WHAT THE EXERCISE ASKS: Write out each record below exactly as it appears, with no pictures.

SOURCE MATERIAL:
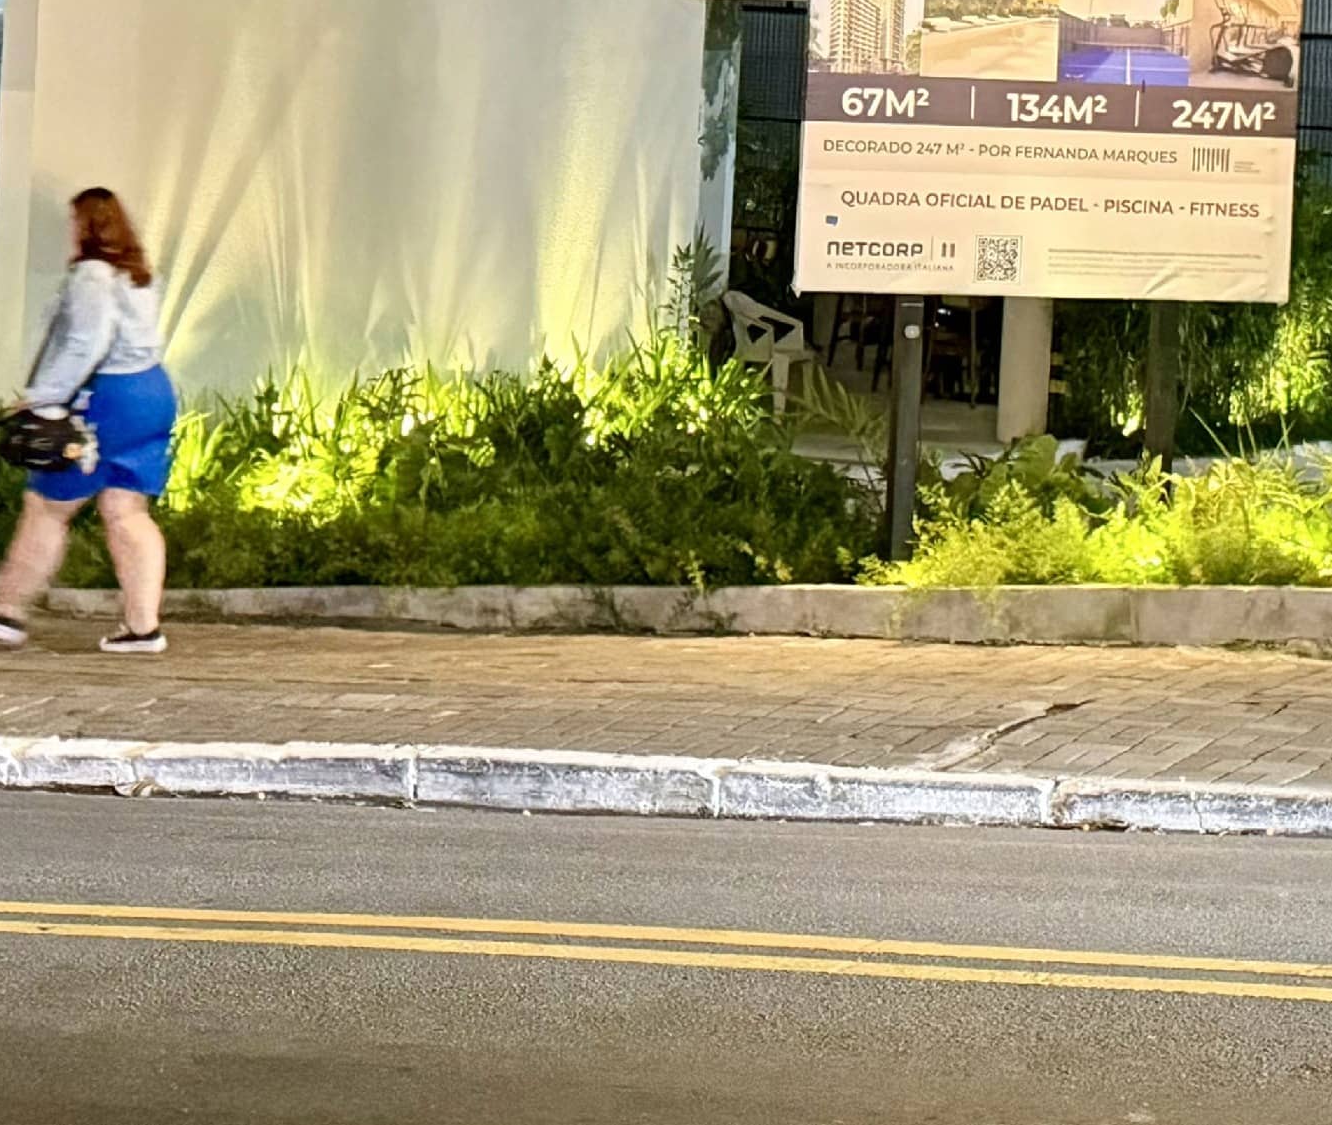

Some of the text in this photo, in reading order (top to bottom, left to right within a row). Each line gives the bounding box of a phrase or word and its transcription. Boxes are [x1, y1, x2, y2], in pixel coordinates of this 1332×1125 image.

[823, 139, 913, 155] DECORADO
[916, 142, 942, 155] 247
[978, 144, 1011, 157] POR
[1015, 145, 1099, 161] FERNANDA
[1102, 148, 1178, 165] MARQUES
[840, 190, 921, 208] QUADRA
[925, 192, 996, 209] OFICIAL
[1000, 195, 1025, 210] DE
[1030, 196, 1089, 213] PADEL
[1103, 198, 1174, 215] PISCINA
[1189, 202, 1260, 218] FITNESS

ANSWER SPACE:
Some of the text in this photo, in reading order (top to bottom, left to right within a row). Each line gives the bounding box of a phrase or word and its transcription. Boxes are [x1, y1, x2, y2], in pixel coordinates of this 1332×1125 image.

[823, 139, 913, 155] DECORADO
[916, 142, 942, 155] 247
[978, 144, 1011, 157] POR
[1015, 145, 1099, 161] FERNANDA
[1102, 148, 1178, 165] MARQUES
[840, 190, 921, 208] QUADRA
[925, 192, 996, 209] OFICIAL
[1000, 195, 1025, 210] DE
[1030, 196, 1089, 213] PADEL
[1103, 198, 1174, 215] PISCINA
[1189, 202, 1260, 218] FITNESS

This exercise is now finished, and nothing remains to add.